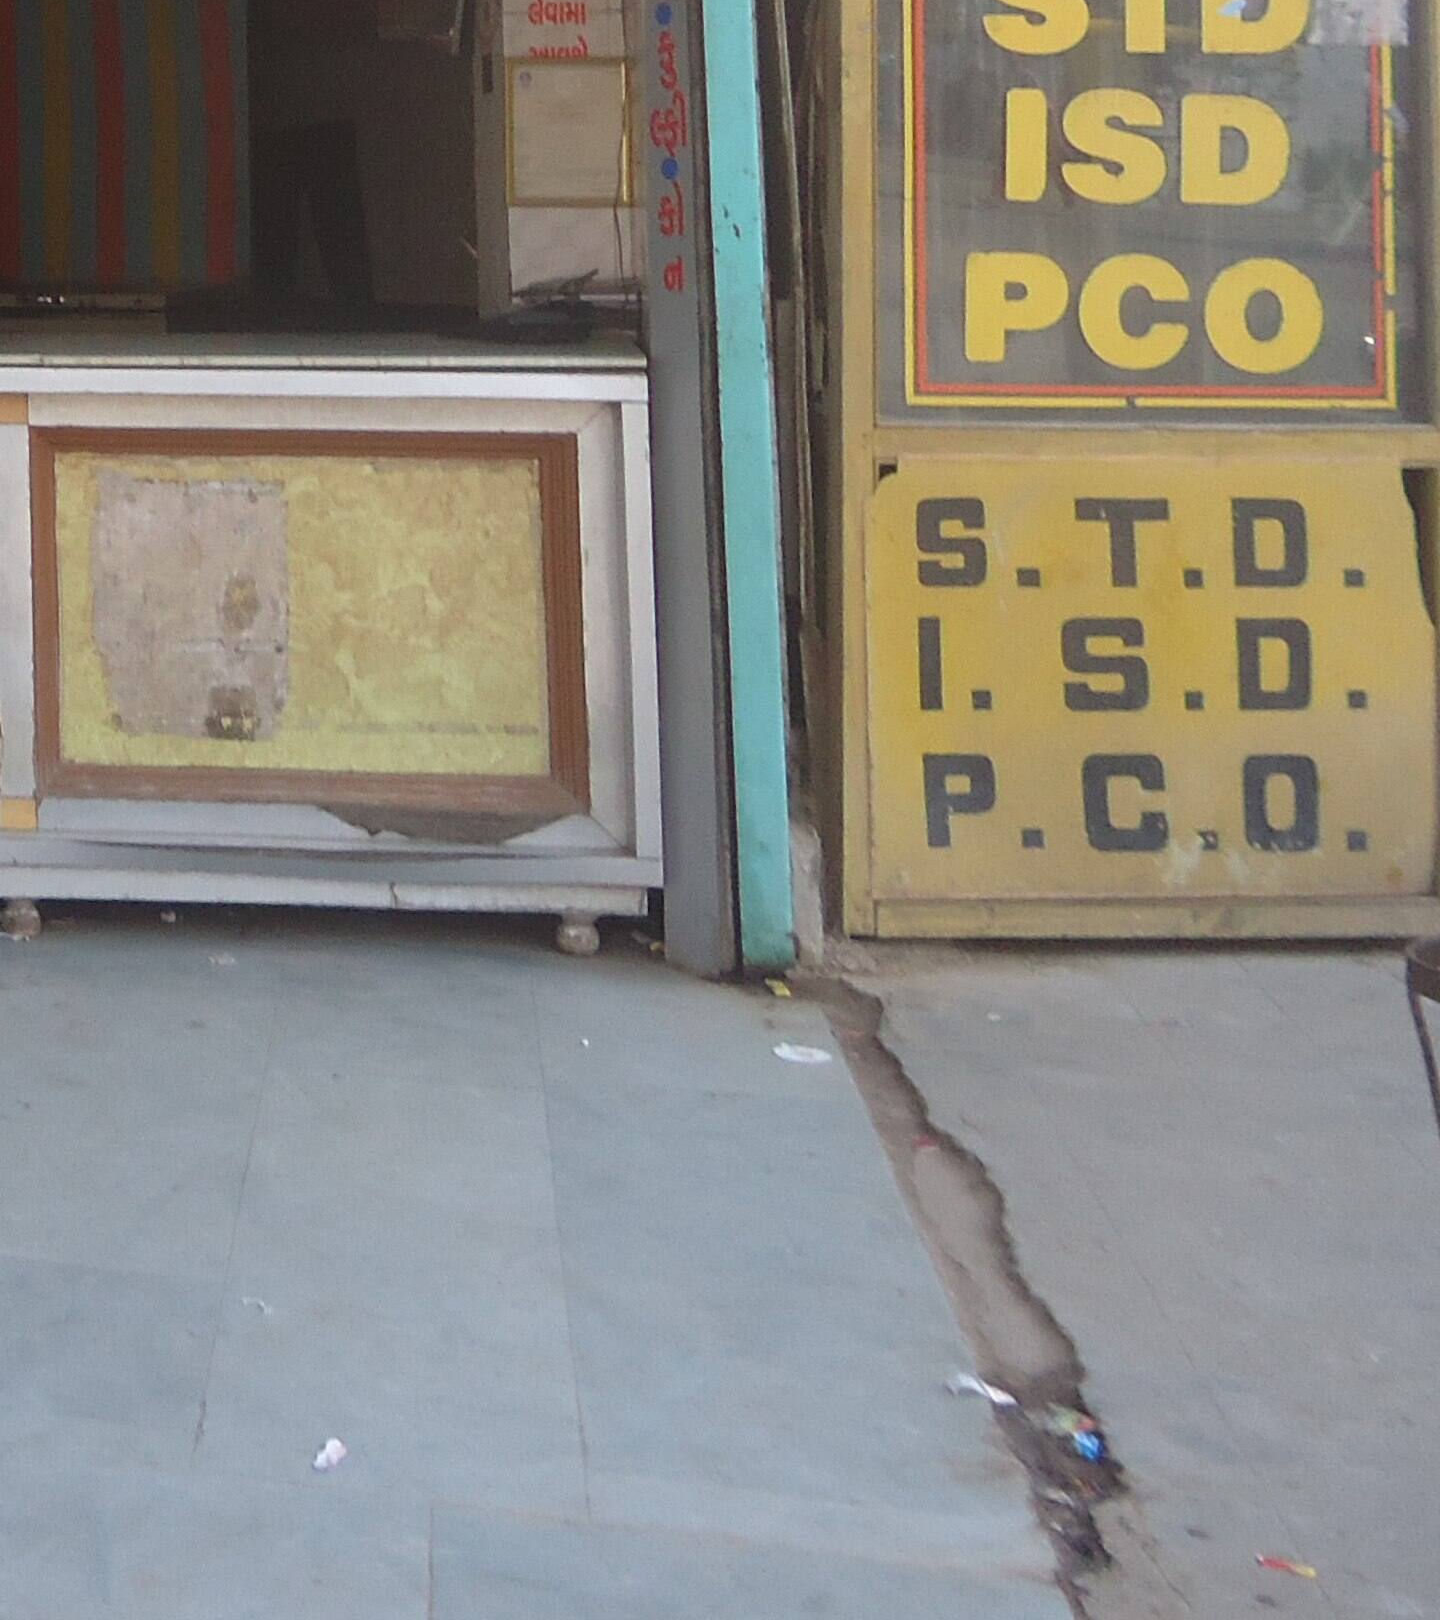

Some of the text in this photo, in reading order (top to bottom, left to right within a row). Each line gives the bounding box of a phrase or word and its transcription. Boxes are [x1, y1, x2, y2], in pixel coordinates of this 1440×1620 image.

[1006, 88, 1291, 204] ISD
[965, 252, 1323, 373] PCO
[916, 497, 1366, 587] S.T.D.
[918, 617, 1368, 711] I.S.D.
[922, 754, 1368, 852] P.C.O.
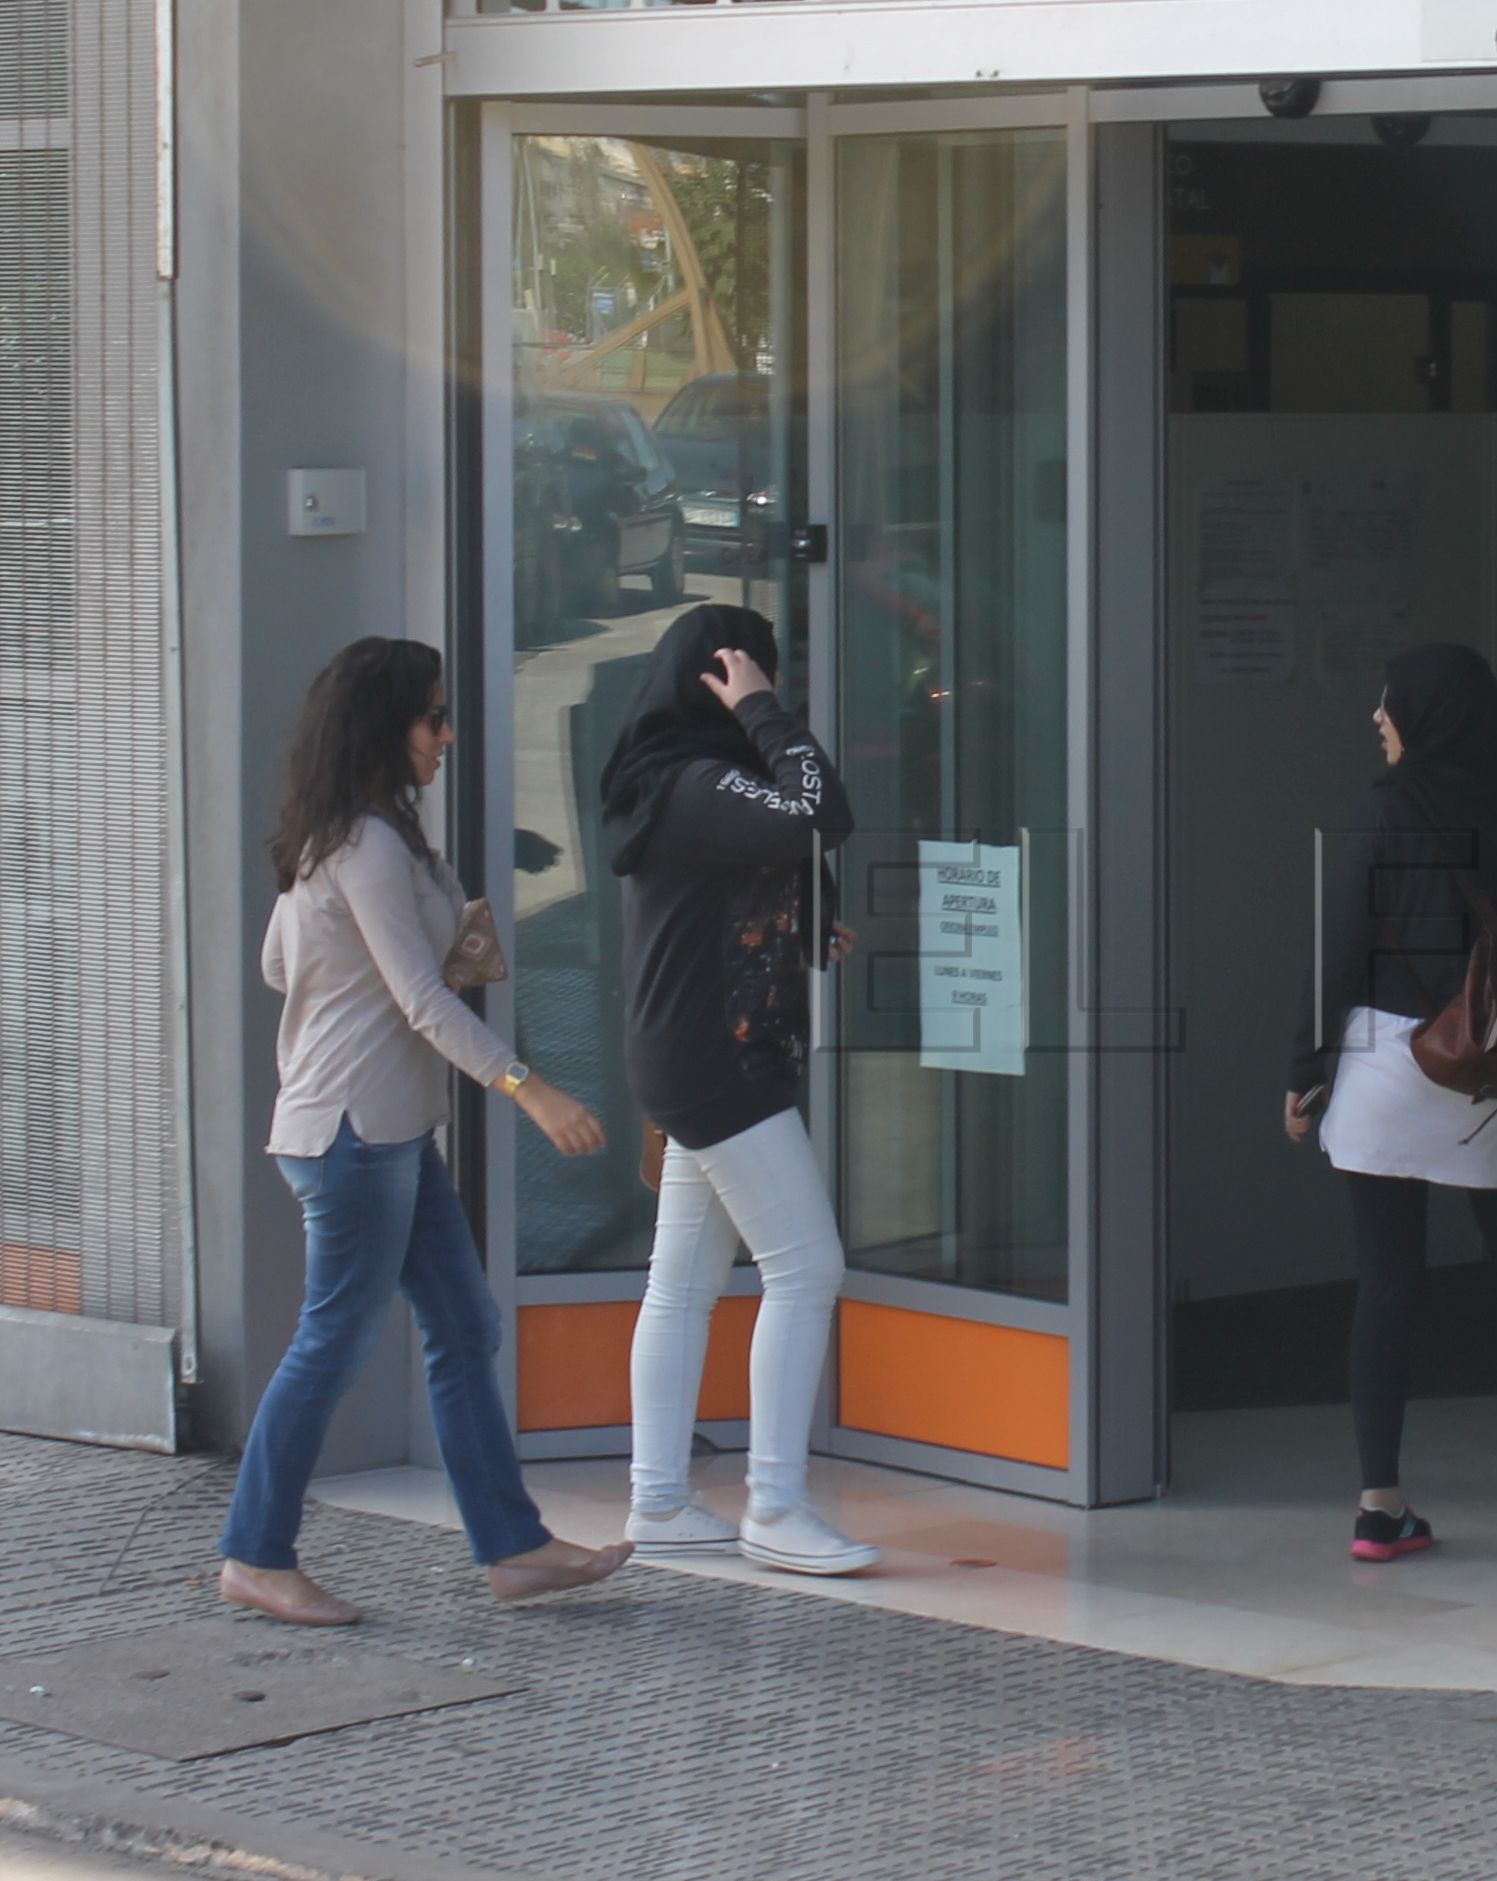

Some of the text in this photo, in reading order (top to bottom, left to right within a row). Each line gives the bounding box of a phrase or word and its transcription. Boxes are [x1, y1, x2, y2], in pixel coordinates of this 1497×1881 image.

■ ■ ■ ■ ■

* [WHAT TO WORK ON]: When you copy the data above, keep each line exact and omit the pictures.

* [RESPONSE BOX]:
Some of the text in this photo, in reading order (top to bottom, left to right within a row). Each line gives the bounding box of a phrase or word and its transcription. Boxes are [x1, y1, x2, y2], in pixel coordinates of this 1440×1620 image.

[1006, 88, 1291, 204] ISD
[965, 252, 1323, 373] PCO
[916, 497, 1366, 587] S.T.D.
[918, 617, 1368, 711] I.S.D.
[922, 754, 1368, 852] P.C.O.

Some of the text in this photo, in reading order (top to bottom, left to right within a row). Each line gives the bounding box of a phrase or word and its transcription. Boxes are [x1, y1, x2, y2], in pixel coordinates of this 1497×1881 image.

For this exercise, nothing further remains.